Dun, dun, dun, dun! Is that your final answer?

   It’s difficult nowadays to judge the merits of a storyline such as that in The Thousand-Year Door, especially when it basically involves several chapters of performing random tasks just to advance the game, with the occasional ally tagging along. Anyway, Princess Peach Toadstool, after visiting the town of Rogueport, finds a treasure map and sends it to Mario, who accepts it and goes to Rogueport himself, only to find Peach kidnapped, but this time by a group called the X-Nauts, having the generic desire of taking over the world, instead of Bowser. Mario eventually stumbles across the Thousand-Year Door, sealed away by—you guessed it—seven stars, to which the map guides him during the game. Players do see events with Peach, and yes, Bowser, in between chapters, and the game itself contains plenty of decent humor, and since no one, of course, can ever expect a serious, well-developed story from a Mario game, I suppose the plot is passable in the end.

   The aurals, though, could’ve definitely used some work. There are few memorable, catchy tunes, and their presentation is pretty poor, as well, since entering buildings and talking with characters, for instance, drops the music volume significantly. The game is a bit too reliant upon noise to do the job, and in the end, the aurals would’ve benefited from more time and effort.

   The second Paper Mario, going on, uses an advanced version of its predecessor’s quirky papery visual style, with vibrant colors, humorous paper effects, and, of course, nice paper-thin character sprites. Shadows are but black circles, though, and the environment rendering is a bit jagged at times, but otherwise, the visuals are one of the game’s high points.

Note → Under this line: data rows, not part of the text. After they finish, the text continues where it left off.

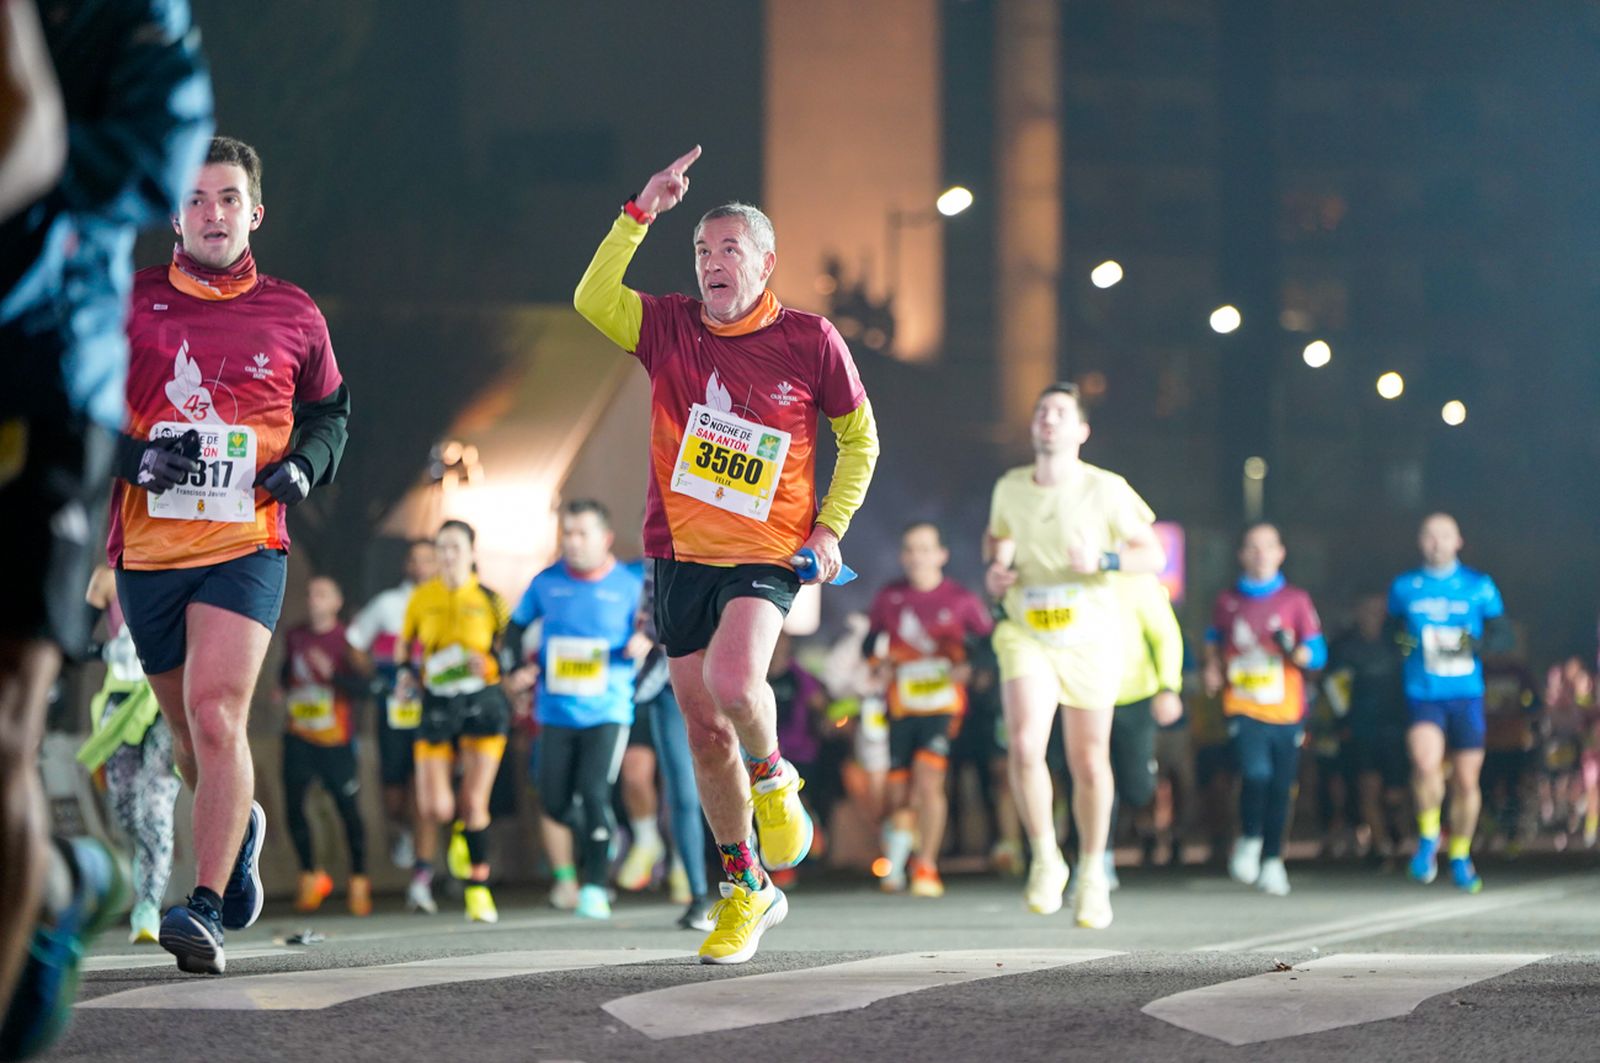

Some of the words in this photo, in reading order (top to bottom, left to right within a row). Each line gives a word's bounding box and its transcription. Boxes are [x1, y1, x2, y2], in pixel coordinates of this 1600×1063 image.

[183, 394, 210, 421] 43
[695, 427, 716, 442] SAN
[709, 421, 739, 438] NOCHE
[739, 431, 753, 441] DE
[206, 436, 219, 445] DE
[695, 441, 764, 485] 3560
[176, 487, 207, 497] Francisco

   Finally, Paper Mario 2 is pretty easy to play, despite the small issues with combat, and takes from twenty-five to forty-five hours to complete, depending upon the time spent with troubles, searching every corner of the game’s worlds for every item, and tackling the hundred-floor extra dungeon.

   Overall, Paper Mario: The Thousand-Year Door is a flawed but fun addition to the GameCube’s meager RPG selection. It’s definitely worth a look from the system’s owners, and, despite its weaknesses, one of the better RPGs of the current generation.